Deze podcast is ook beschikbaar als nascholingspilot (vooralsnog zonder accreditatiepunten). Bent u NHG-lid? Dan kunt u deze e-learning gratis maken via de NHG Leeromgeving. Doe mee aan de pilot, help ons aan feedback en bepaal mee hoe de toekomst van geaccrediteerde podcasts eruit komt te zien.
Reacties (2)
Namens de auteurs:
Mictieklachten worden zelden veroorzaakt door prostaatkanker, omdat dit zich meestal ontwikkelt in de perifere zone van de prostaat en daarom zelden of pas laat compressie van de urethra geeft. Het doen van rectaal toucher bij mictieklachten is bedoeld om de zeer kleine groep mannen die wel mictieklachten hebben o.b.v. prostaatkanker er uit te pikken. Een aanzienlijk deel van de mannen met mictieklachten bezoekt de huisarts vanwege de angst voor prostaatkanker en zijn op zoek naar geruststelling. Hierbij past de uitleg dat prostaatkanker zelden de oorzaak is van mictieklachten en dit kan vervolgens worden ondersteund met een rectaal toucher waarbij geen bevindingen worden gevoeld die kunnen duiden op prostaatkanker. In de NHG-Standaard Mictieklachten wordt een PSA bepaling niet aanbevolen indien er sprake is van aspecifieke mictieklachten, dit is dus iets anders dan een verzoek om PSA bepaling omdat een man bang is voor prostaatkanker.
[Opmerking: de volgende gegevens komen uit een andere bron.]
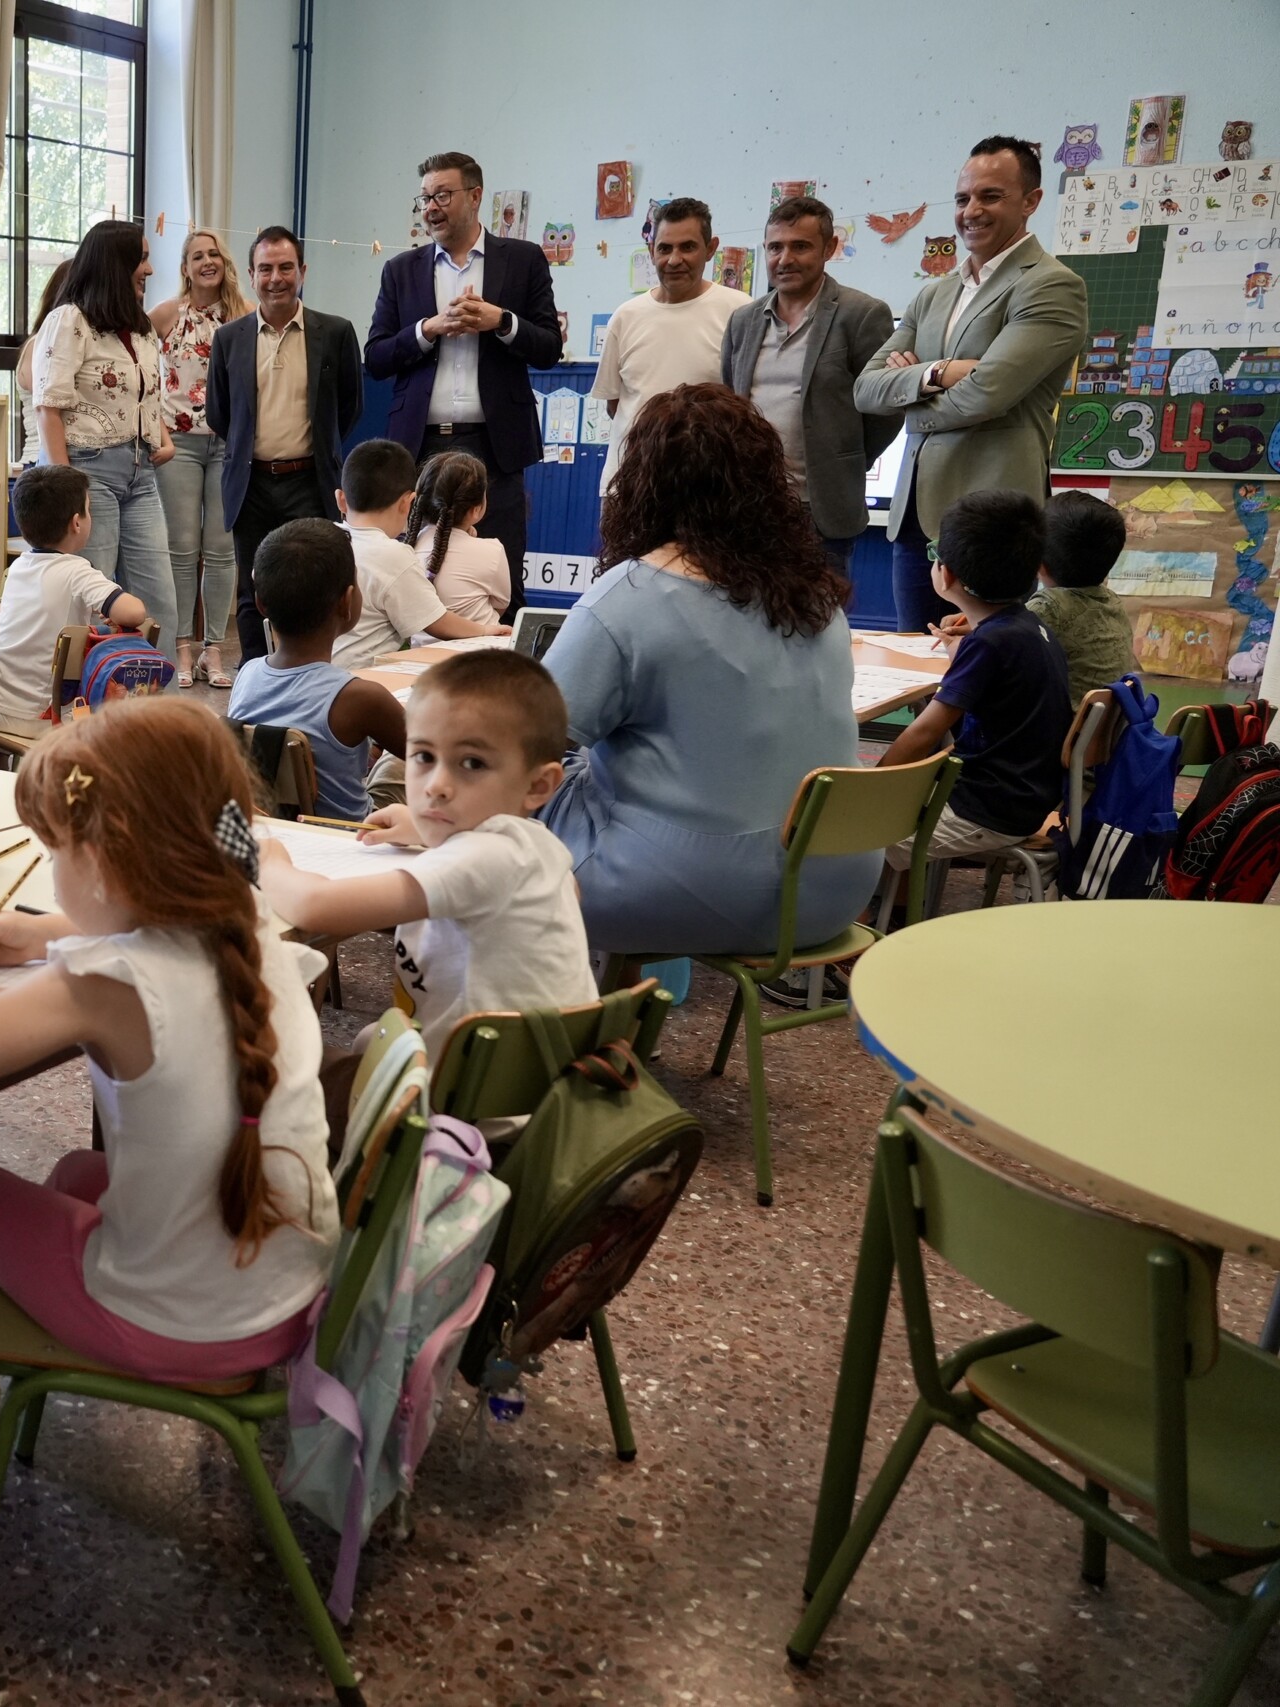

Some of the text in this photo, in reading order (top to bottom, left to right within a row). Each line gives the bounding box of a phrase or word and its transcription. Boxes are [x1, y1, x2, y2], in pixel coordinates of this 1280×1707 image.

[1193, 168, 1211, 182] CH
[1238, 168, 1246, 182] D
[1070, 179, 1078, 192] A
[1108, 176, 1116, 190] B
[1190, 180, 1206, 194] ch
[1068, 194, 1077, 202] a
[1190, 196, 1200, 211] O
[1232, 195, 1242, 209] P
[1064, 206, 1074, 218] M
[1103, 203, 1112, 216] N
[1060, 232, 1068, 244] Y
[1100, 229, 1109, 242] Z
[1190, 241, 1206, 252] a
[1214, 230, 1228, 251] b
[1236, 239, 1248, 250] c
[1179, 322, 1194, 335] n
[1202, 319, 1218, 335] ñ
[1225, 322, 1242, 334] o
[1094, 384, 1104, 394] 10
[1210, 381, 1220, 392] 30
[1058, 401, 1110, 469] 2
[1107, 400, 1156, 469] 3
[1160, 401, 1212, 472] 4
[1209, 403, 1266, 473] 5
[542, 562, 554, 584] 6
[567, 563, 579, 586] 7
Het verzoek om PSA te bepalen vanwege angst op prostaatkanker bij een patiënt verdient een andere afweging. Hierover zal in de (momenteel in ontwikkeling zijnde) nieuwe standaard Prostaatkanker een uitspraak worden gedaan (tot die tijd blijft de bijlage Prostaatcarcinoom gehandhaafd). Voor de onderbouwing van voorgaand standpunt verwijs ik u naar de volledige NHG-Standaard Mictieklachten bij mannen.
- Login om te reageren
Wat ik opmerkelijk vind is dat er nadrukkelijk gezegd wordt dat er geen associatie is met prostaatcarcinoom, dat je de angst daaromtrent moet exploreren en dat je bijv geen PSA moet aanvragen.
Maar bij lichamelijk onderzoek moet je wel een RT doen en specifiek voelen naar verschijnselen van prostaatca? Hoe rijmt dat precies? Hoe leg ik dat mijn patient uit?